The Department of Health and Human Services’ Office for Civil Rights has published a Request for Information (RFI) associated with two particular specifications of the Health Information Technology for Economic and Clinical Health Act of 2009 (HITECH Act).
Based on the revisions by the HIPAA Safe Harbor Act in the 2021 HITECH Act, the HHS should take into account the security procedures that were enforced by HIPAA-regulated entities when considering to enforce financial penalties and other remedies to handle potential HIPAA violations identified in the course of investigations and reviews.
The goal of the HIPAA Safe Harbor Act is to urge HIPAA-regulated entities to use cybersecurity strategies. The incentive for companies that have implemented industry-standard security guidelines for one year before a data breach happens is reduced financial penalties for security breaches and less critique by the HHS.
Another particular requirement that dates back to the time the HITECH Act was approved into law, is for the HHS to share a portion of the civil monetary penalties (CMPs) and settlement payments with people who experienced harm due to the violations for which the fines were put on. The HITECH Act requires a strategy to be set up by the HHS for identifying proper amounts to be shared, according to the nature and scope of the HIPAA violation and the nature and degree of the hurt that results.

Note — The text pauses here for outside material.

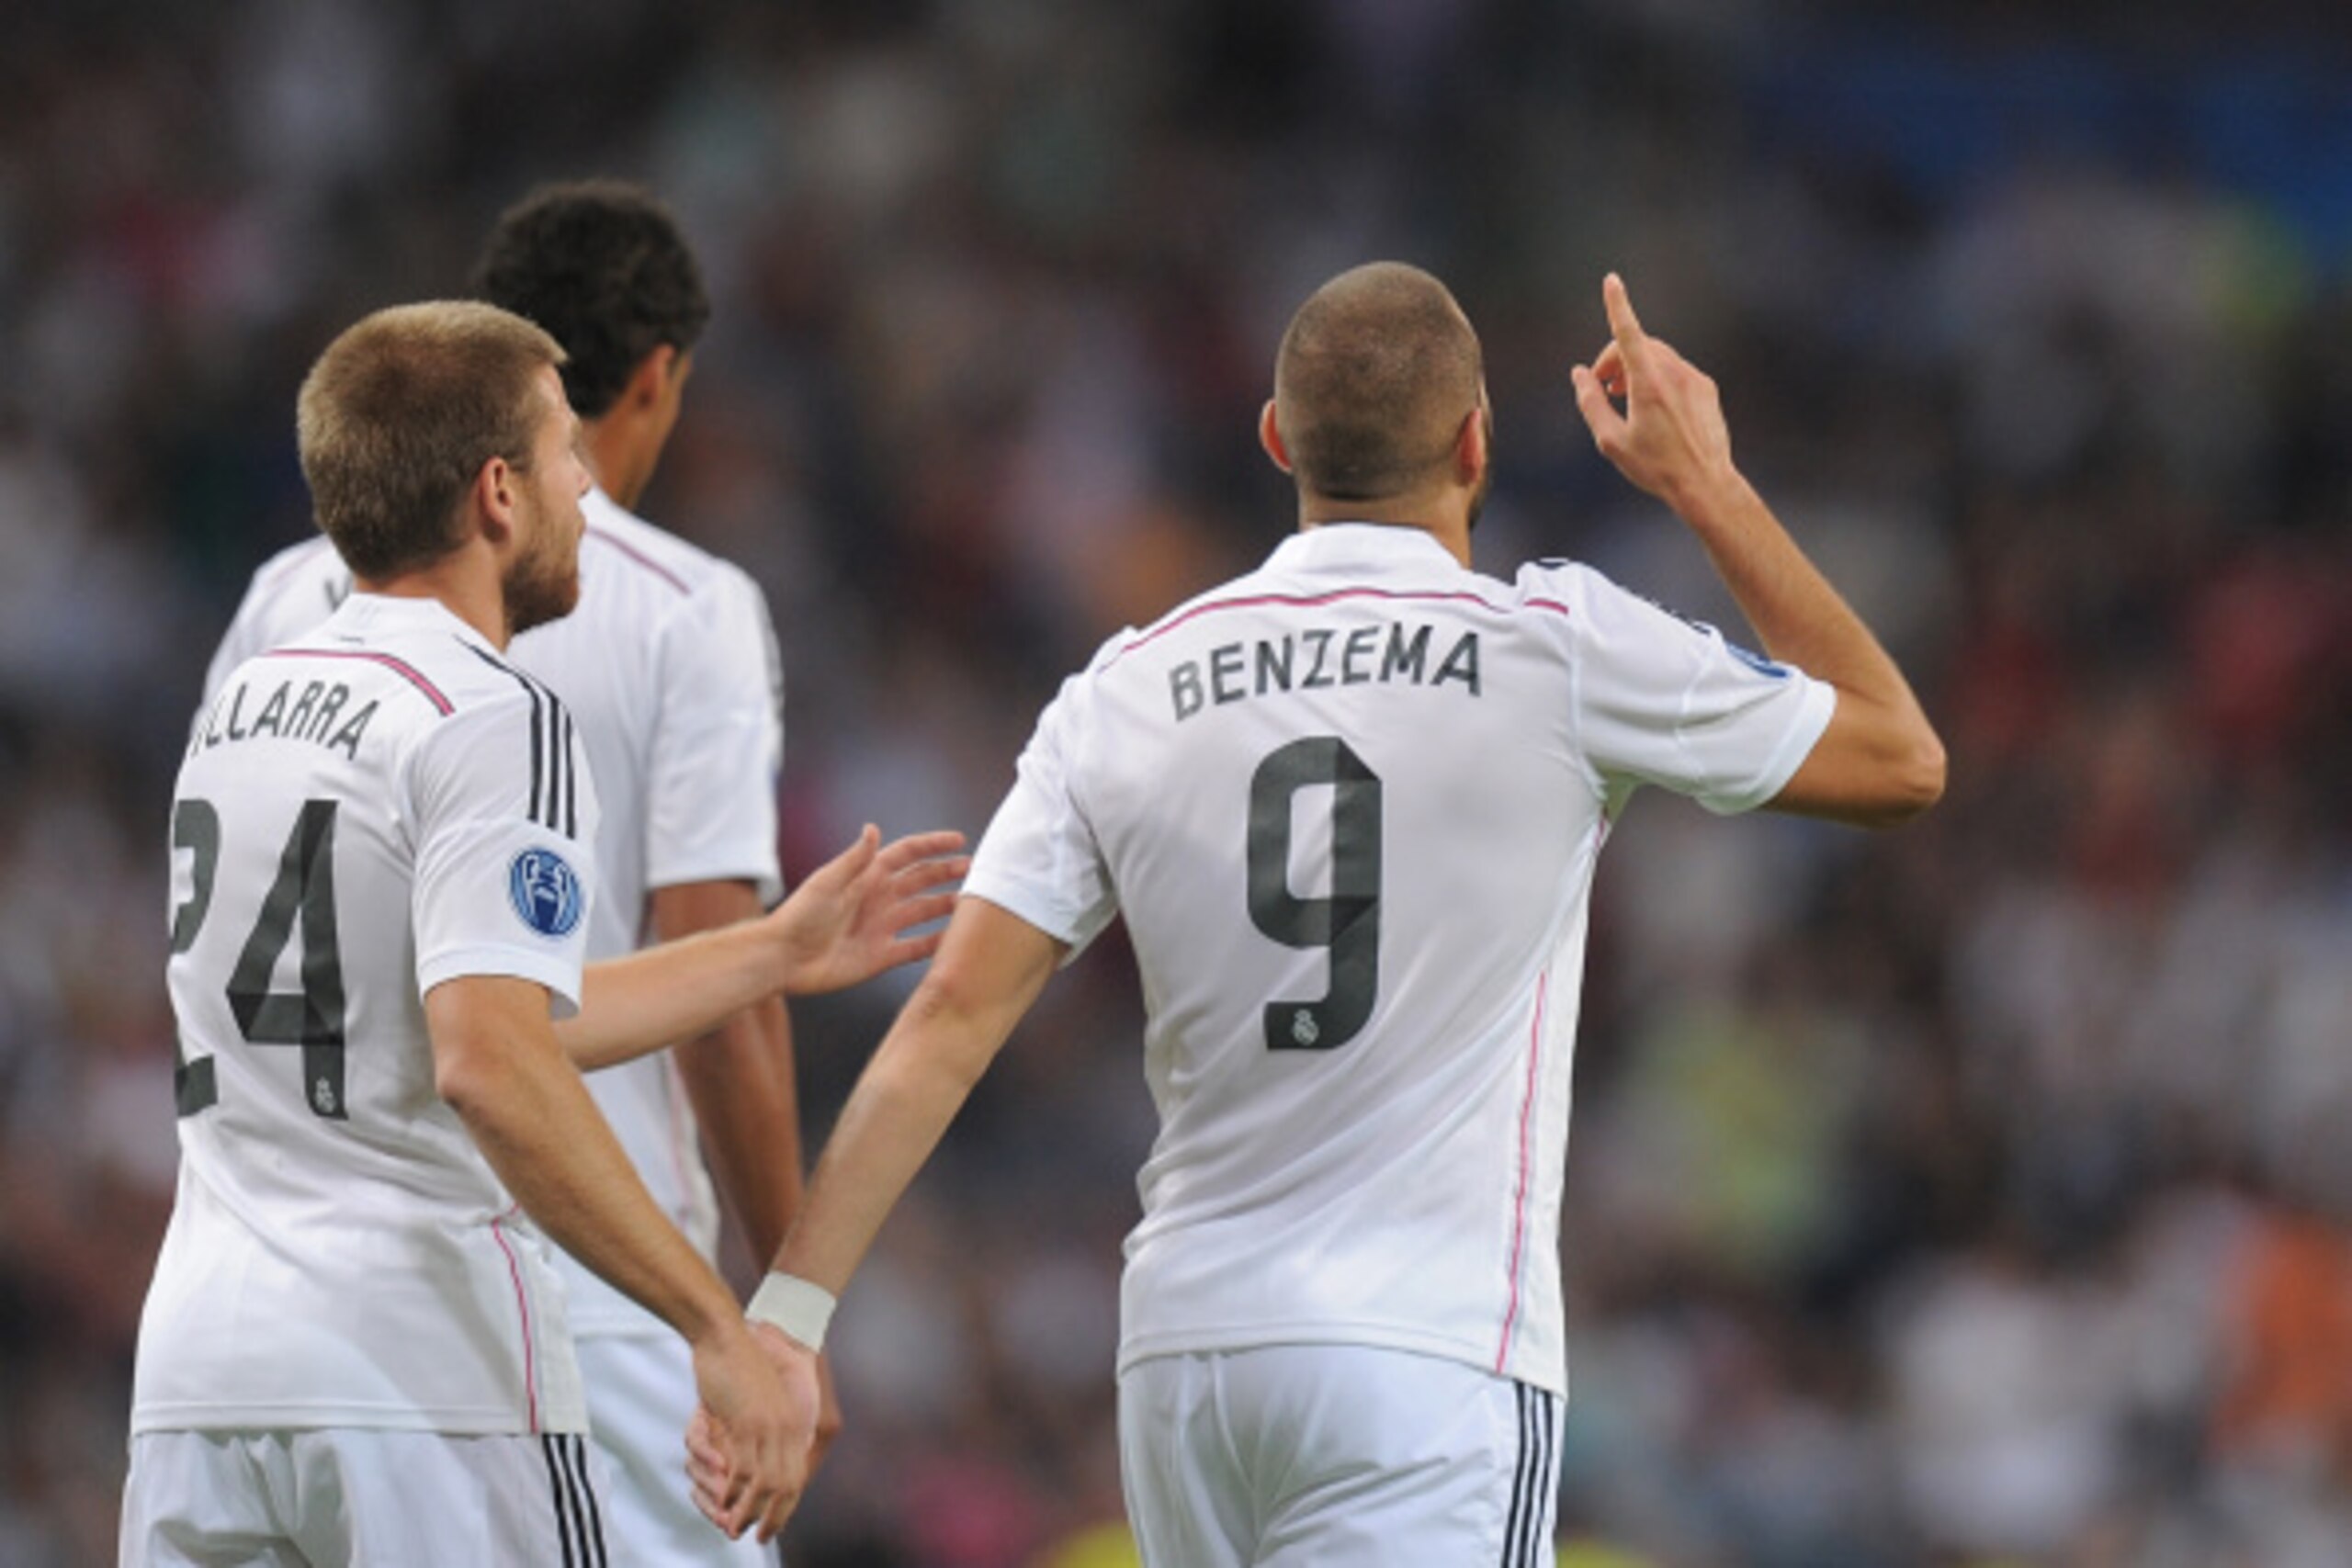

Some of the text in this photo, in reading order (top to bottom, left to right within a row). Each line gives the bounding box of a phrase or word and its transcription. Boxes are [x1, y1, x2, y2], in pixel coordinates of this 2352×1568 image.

At the beginning of this year, the newly designated Lisa J. Pino as Director of the HHS’ Office for Civil Rights (OCR) affirmed that these two prerequisites of the HITECH Act were being dealt with this year. Yesterday, OCR publicized the RFI in the Federal Register requesting a public opinion on these two conditions of the HITECH Act.
Particularly, OCR is asking for comments on what makes up “Recognized Security Practices,” the acknowledged security procedures that are being executed to secure electronic protected health information (ePHI) by HIPAA-compliant entities, and how those entities are prepared sufficiently by setting up recognized security practices. OCR would additionally like to know any implementation problems that those entities wish to be cleared up by OCR, either by means of additional rulemaking or guidance, and recommendations on the action that ought to start the start of the 12-month look-back time, as that isn’t mentioned in the HIPAA Safe Harbor Act.
One of the primary concerns with the prerequisite to share CMPs and settlements with impacted persons is that the HITECH Act does not have a definition of harm. OCR wants feedback on the kinds of “harms” that must be regarded when giving a percent of SMPs and settlements and recommendations on possible strategies for sharing and distributing funds to harmed persons.
This request for data has always been anticipated, and feedback from the public and concerned industry is welcome. People who are historically underserved, marginalized, or vulnerable to discrimination or systemic disadvantage must give feedback on this RFI, so their interests in later rulemaking and guidance will be taken into consideration.
To be counted, responses need to be sent to OCR by June 6, 2022.